Abbreviations: BMI, body mass index; NPV, negative predictive value; PPV, positive predictive value; RVC, relative volume change; SN, sensitivity; SP, specificity.

Figure 3.

Figure 3.

Time to detection of relative volume change (RVC) > 10% (A) or 5–10% (B).

DISCUSSION

This study compared both simulated anatomic landmark- and interval-based volumetric circumferential measurement techniques against perometry for the detection of BCRL after breast cancer treatment. There is remarkable heterogeneity in the literature for the definition of lymphedema, even when incorporation of objective diagnostic criteria can be agreed upon. While screening and measurement guidelines described in the National Lymphedema Network position statement recommend consistent pre- and post-treatment measurement of both arms, the criteria for treatment referral are left to individual institutions [15]. There are currently no robust head-to-head trials validating one technique against another, though a number of small prospective trials are ongoing, including at our institution [2831]. In the context of increased vigilance for identifying low volume lymphedema and emphasis on early intervention, standardized quantification is an idealized goal; in the presence of practical barriers, an understanding of the comparative accuracy of common quantification methods is of minimum necessity.

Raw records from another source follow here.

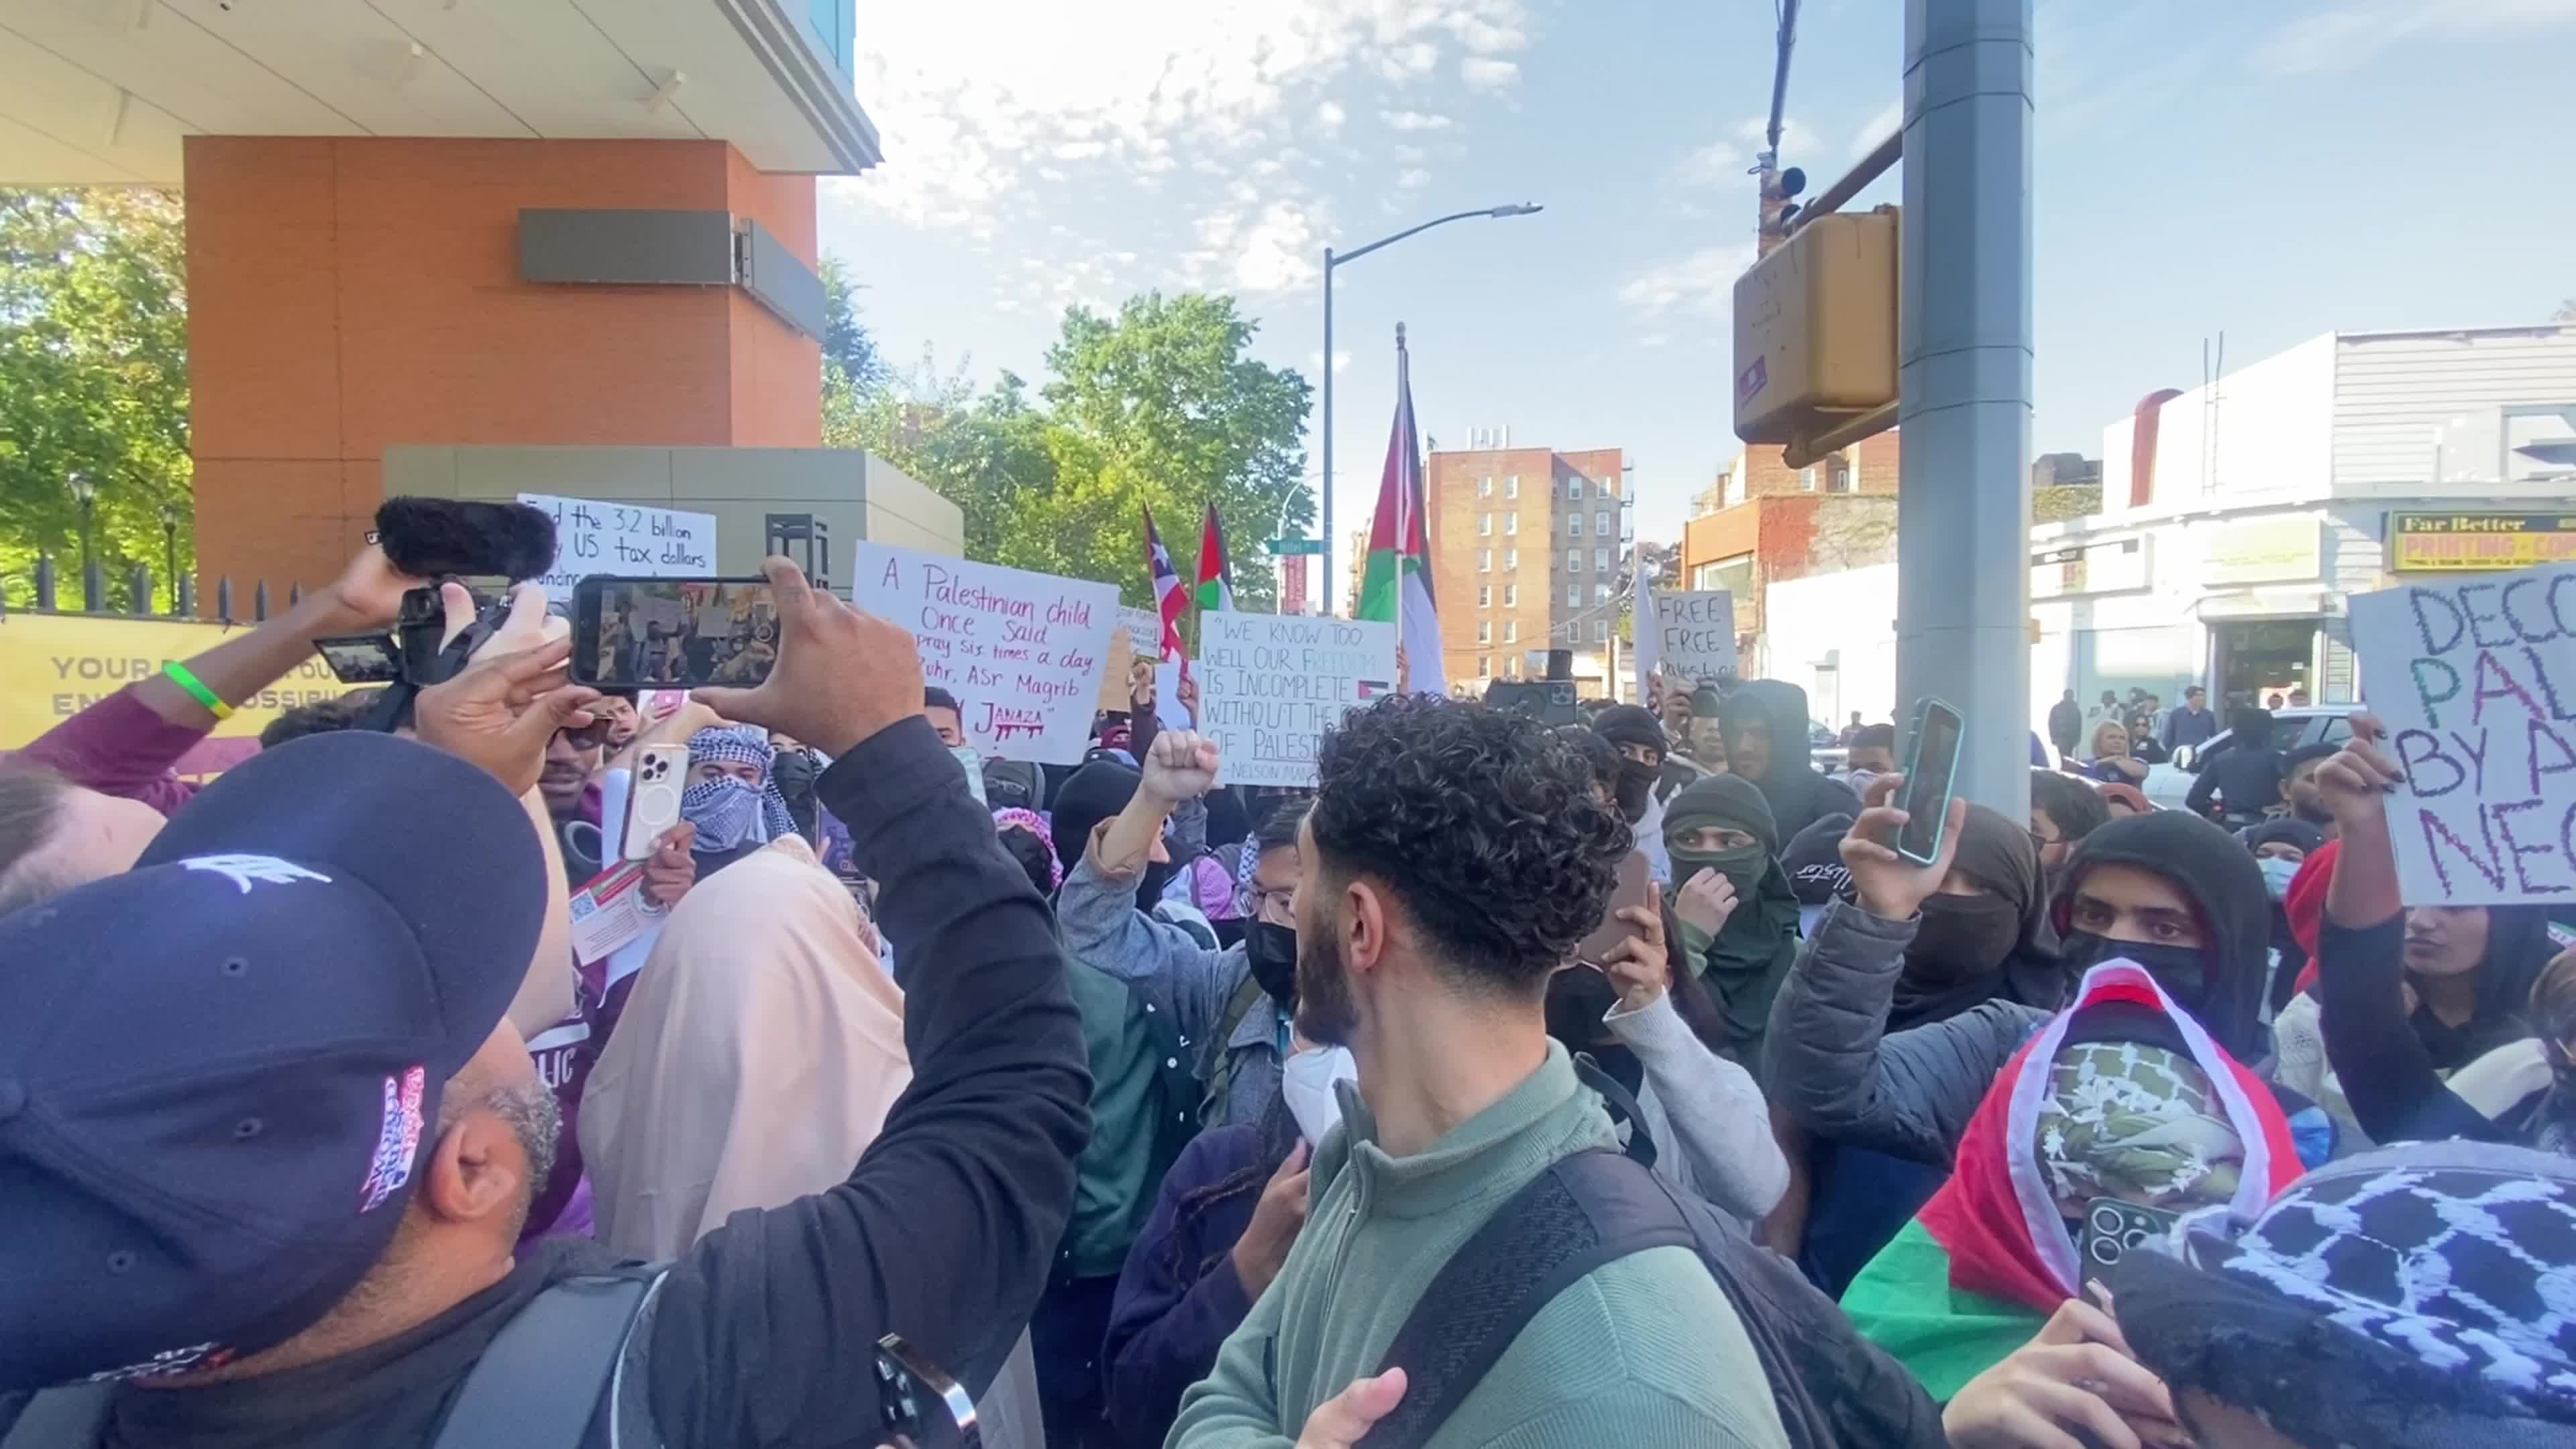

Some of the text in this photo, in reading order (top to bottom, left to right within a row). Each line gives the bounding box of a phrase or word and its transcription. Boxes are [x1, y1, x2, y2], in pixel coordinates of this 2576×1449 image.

[571, 504, 602, 531] the
[574, 533, 599, 558] US
[614, 536, 653, 564] tax
[661, 541, 706, 568] dollars
[2404, 534, 2514, 557] PRINTING
[882, 557, 899, 590] A
[922, 564, 1035, 621] Palestinian
[921, 606, 975, 636] Once
[1658, 596, 1721, 623] FREE
[1269, 622, 1322, 645] KNOW
[1328, 624, 1363, 647] TOO
[1664, 627, 1721, 653] FREE
[994, 644, 1029, 661] times
[1037, 652, 1051, 665] a
[1203, 645, 1376, 672] WELL OUR FREEDOM
[52, 657, 333, 680] YOUR OU
[1016, 674, 1079, 704] Magrib
[1204, 669, 1352, 702] IS INCOMPLETE
[1204, 698, 1299, 729] WITHOUT
[1304, 702, 1332, 731] THE
[1209, 729, 1237, 755] OF
[2396, 727, 2488, 798] BY

Regarding a direct comparison of arm volumes between methods, we demonstrated that a high correlation coefficient is a deceiving metric across a cohort of patients with multiple repeated arm volume measurements. Had we stopped at this point, the subsequent finding of segmental discrepancies would have been overlooked. The broad misuse of correlation as a proxy for similarity in medical research is well documented, inclusive of lymphedema research [3234]. Though there was no significant difference between total arm volumes of either the ipsilateral or contralateral side, we showed that anatomic landmark-based methods underestimate volume of the upper arm and overestimate volume of the forearm. The absolute magnitude of this mean difference was greater than 200 ml for both the ipsilateral and contralateral upper arm. Notably, the threshold of 200 ml is an oft-quoted yet erroneous absolute volume threshold used to define lymphedema [10, 3539]. These findings are particularly concerning for the many patients with edema localized to or most prominent in an isolated arm segment. Furthermore, of the 72 patients in our cohort who developed RVC ≥ 10% by perometry, only one quarter had edema distributed throughout the whole arm. The major contribution to RVC was the upper arm for nearly two-thirds of these patients. This pair of findings raises concerns about detection of localized lymphedema with landmark-based circumferential methods given systematic upper arm underestimation. More generally, segmental lymphedema and tissue composition is an area of recent interest within BCRL. Stout et al examined a cohort of 46 patients with subclinical lymphedema by perometry, showing that segmental volume changes of the forearm were correlated with total limb volume change before the formal diagnosis of subclinical BCRL [33]. Several small studies have utilized bioimpedance spectroscopy, dual energy X-ray absorptiometry, and ultrasound techniques to further explore this question [4042].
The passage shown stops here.